Allerdings dürften Radwege nur dort angeordnet werden, wo „Verkehrssicherheit, Verkehrsbelastung und/oder der Verkehrsablauf ganz konkret auf eine Gefahrenlage hinwiesen“ und die Anordnung damit zwingend erforderlich sei. Eine solche Gefahrenlage habe Günthers Verwaltung aber nicht dargelegt, monierte das Gericht. Vielmehr sei die Verkehrsverwaltung „fälschlich davon ausgegangen“, sie müsse eine Gefahrenlage nicht begründen. Doch, so das Gericht, könne „die Pandemie nicht zum Anlass der Anordnungen genommen werden, da es sich dabei nicht um verkehrsbezogene Erwägungen“ handele.

Juristen sind uneins

Die Verkehrsver­waltung kündigte an, unverzüglich Beschwerde einzulegen

Zu einem ähnlichen Schluss war der Wissenschaftliche Dienst des Berliner Abgeordnetenhauses in einem Gutachten Anfang August gekommen. Temporäre Radfahrstreifen könnten zwar angeordnet werden, um „Gefahren entgegenzuwirken, die durch eine Verstärkung des Radverkehrs aufgrund der Coronapandemie entstehen“. Allerdings sei dies nur als Reaktion auf „konkrete Gefährdungslagen auf bestimmten Straßen“ möglich. Ein Gutachten des Wissenschaftlichen Dienstes des Bundestags von Ende Juni hält die temporären Radwege dagegen für rechtmäßig.

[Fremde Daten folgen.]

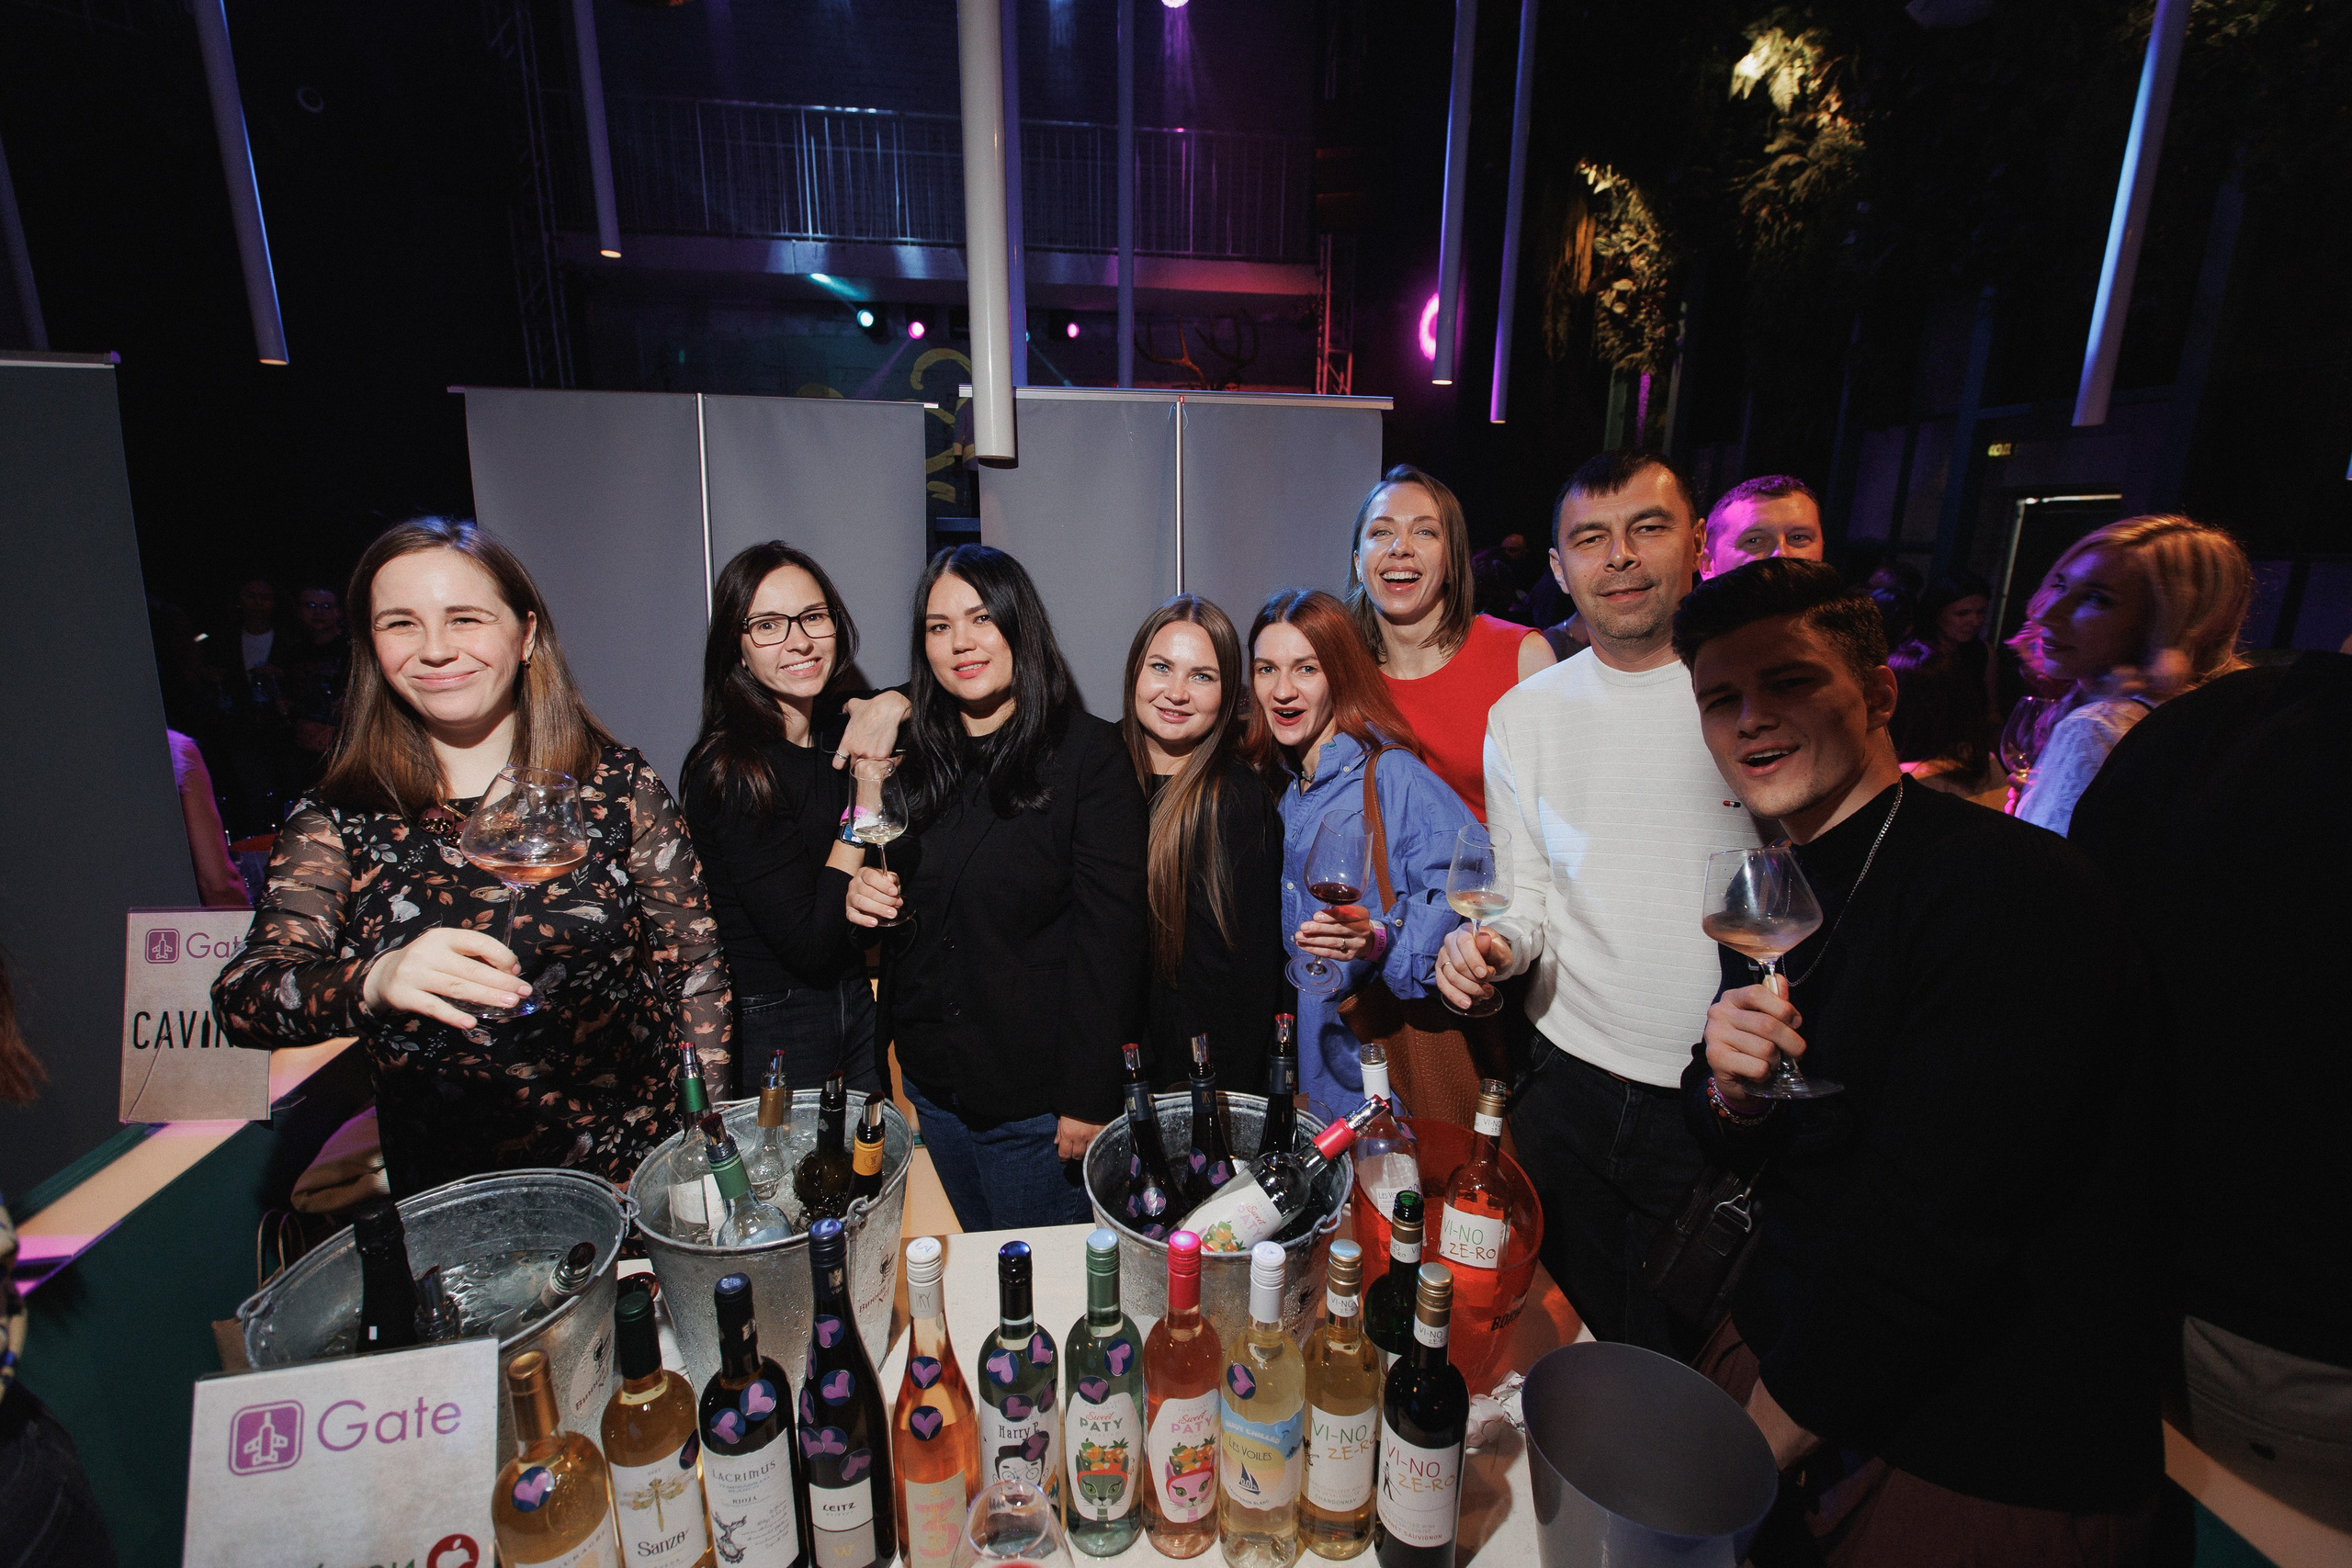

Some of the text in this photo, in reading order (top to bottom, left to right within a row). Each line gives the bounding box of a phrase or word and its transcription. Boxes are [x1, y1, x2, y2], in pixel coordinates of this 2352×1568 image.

[186, 931, 243, 959] Gat
[1443, 1219, 1484, 1246] VI-NO
[1449, 1242, 1497, 1260] ZE-RO
[1419, 1325, 1442, 1338] VI-NO
[317, 1396, 462, 1451] Gate
[1080, 1417, 1123, 1432] PATY
[1086, 1412, 1114, 1420] Sweet
[1171, 1415, 1213, 1433] PATY
[1179, 1410, 1207, 1424] Sweet
[999, 1425, 1031, 1440] Harry
[1311, 1417, 1367, 1444] VI-NO
[1228, 1436, 1272, 1461] LES VOILES
[1328, 1430, 1376, 1461] ZE-RO
[1386, 1437, 1441, 1478] VI-NO
[1397, 1473, 1455, 1493] ZE-RO
[1315, 1494, 1357, 1505] CHARDONNAY
[1404, 1530, 1442, 1540] SAUVIGNON
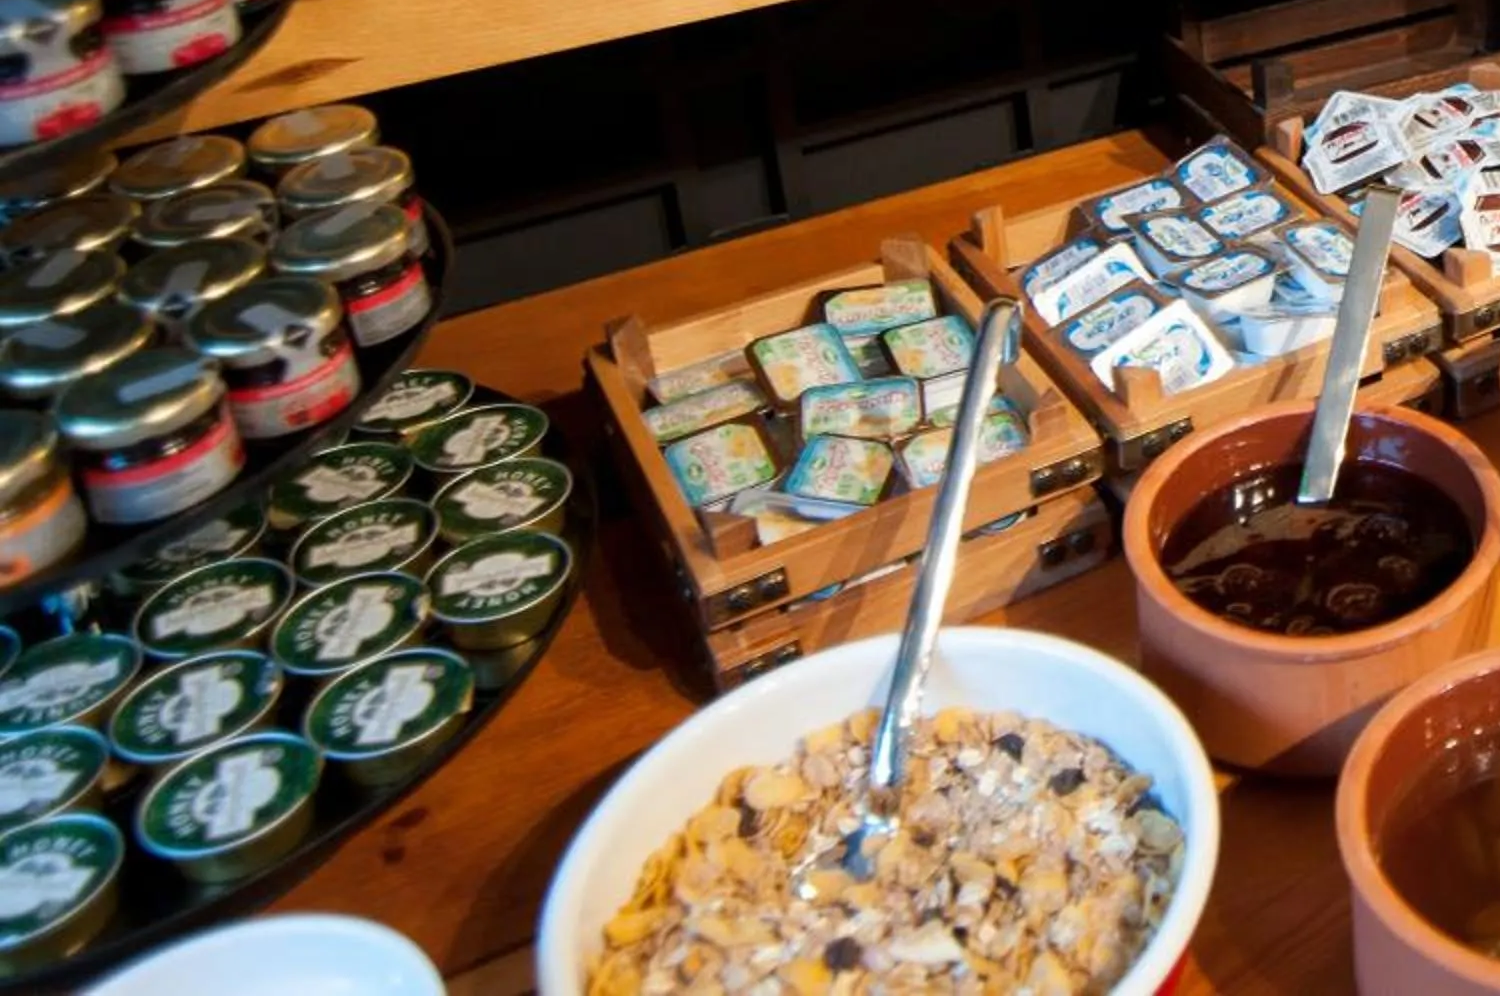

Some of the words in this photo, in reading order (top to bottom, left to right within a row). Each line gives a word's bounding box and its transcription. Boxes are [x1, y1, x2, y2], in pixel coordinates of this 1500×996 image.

[494, 470, 553, 491] HONEY
[326, 513, 404, 538] HONEY
[454, 583, 538, 609] HONEY
[11, 836, 97, 858] HONEY
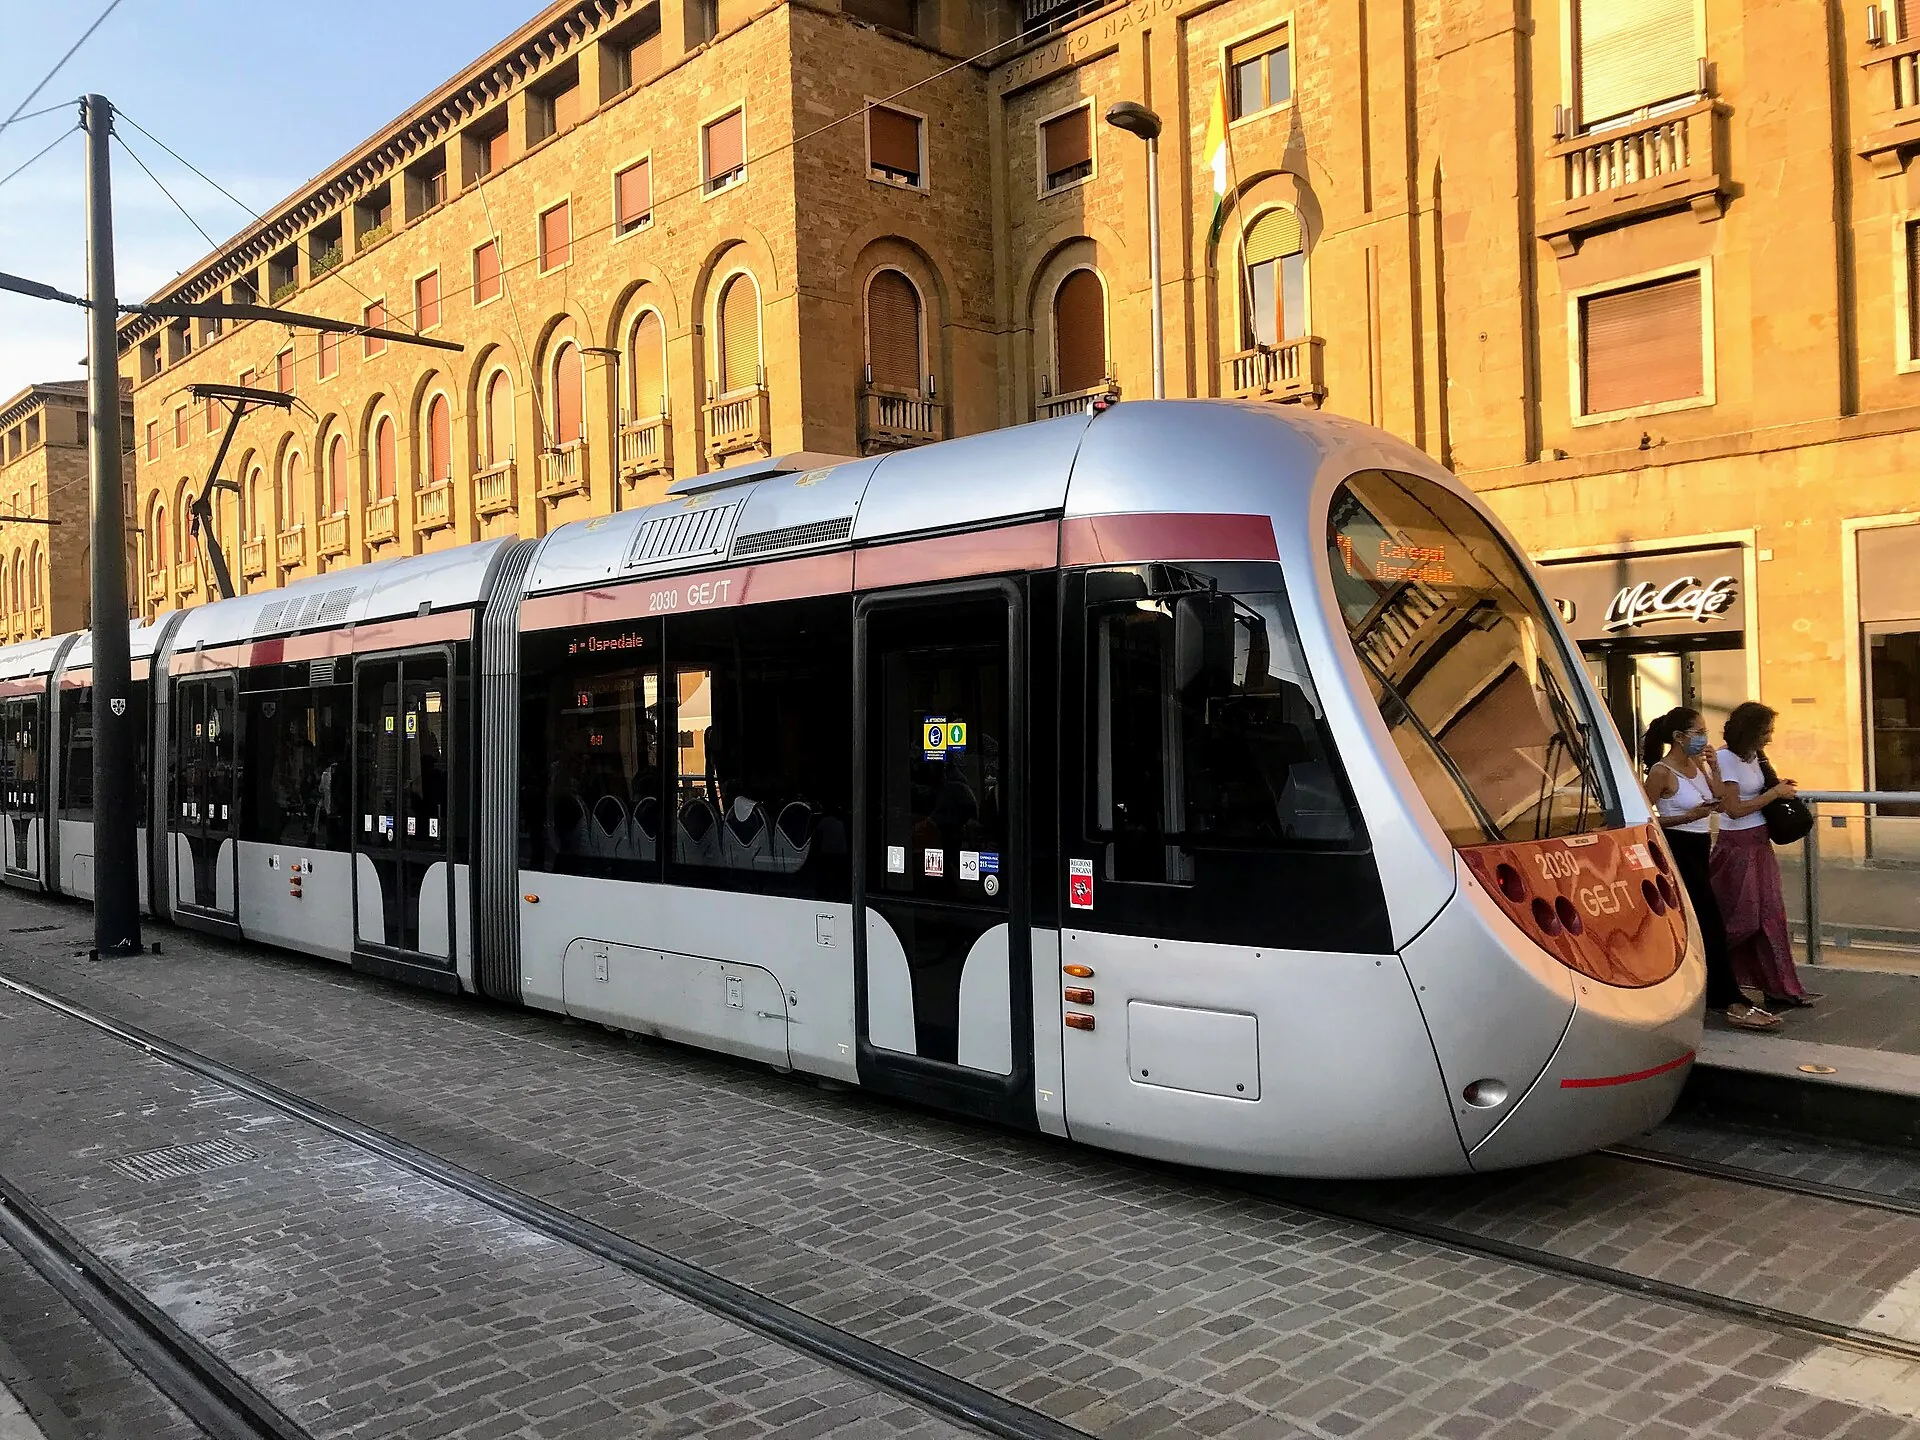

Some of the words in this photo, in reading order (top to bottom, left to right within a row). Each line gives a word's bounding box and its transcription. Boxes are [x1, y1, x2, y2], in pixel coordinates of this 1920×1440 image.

[1104, 0, 1182, 39] NAZIO
[1376, 560, 1454, 583] Ospedale
[649, 589, 678, 611] 2030
[687, 579, 731, 605] GEST
[1603, 576, 1736, 629] McCafé
[588, 631, 644, 652] Ospedale
[1535, 850, 1581, 880] 2030
[1580, 880, 1636, 917] GEST

Ende Mai hatte die Verkehrsverwaltung den Fortbestand der eigentlich temporären Wege mit Rückgriff auf den Paragrafen 45 der Straßenverkehrsordnung begründet. Darin heißt es unter anderem: „Die Straßenverkehrsbehörden können die Benutzung bestimmter Straßen oder Straßenstrecken aus Gründen der Sicherheit oder Ordnung des Verkehrs beschränken oder verbieten und den Verkehr umleiten.“

Diese Gründe seien weiterhin gegeben, so die Verkehrsverwaltung damals: Es bestehe in allen Streckenabschnitten mit aktuell noch temporären Radfahrstreifen ein Bedarf für die sichere Führung von Radfahrenden. Zugleich verkündete sie das Ziel, die vorübergehend angeordneten gelben Markierungen und mobilen Verkehrszeichen bis Jahresende auf vielen Strecken durch dauerhafte Verkehrszeichen und Einrichtungen zu ersetzen oder sogar baulich umzusetzen. Am Montag erklärte die Verkehrsverwaltung, trotz der Gerichtsentscheidung an diesem Ziel festzuhalten.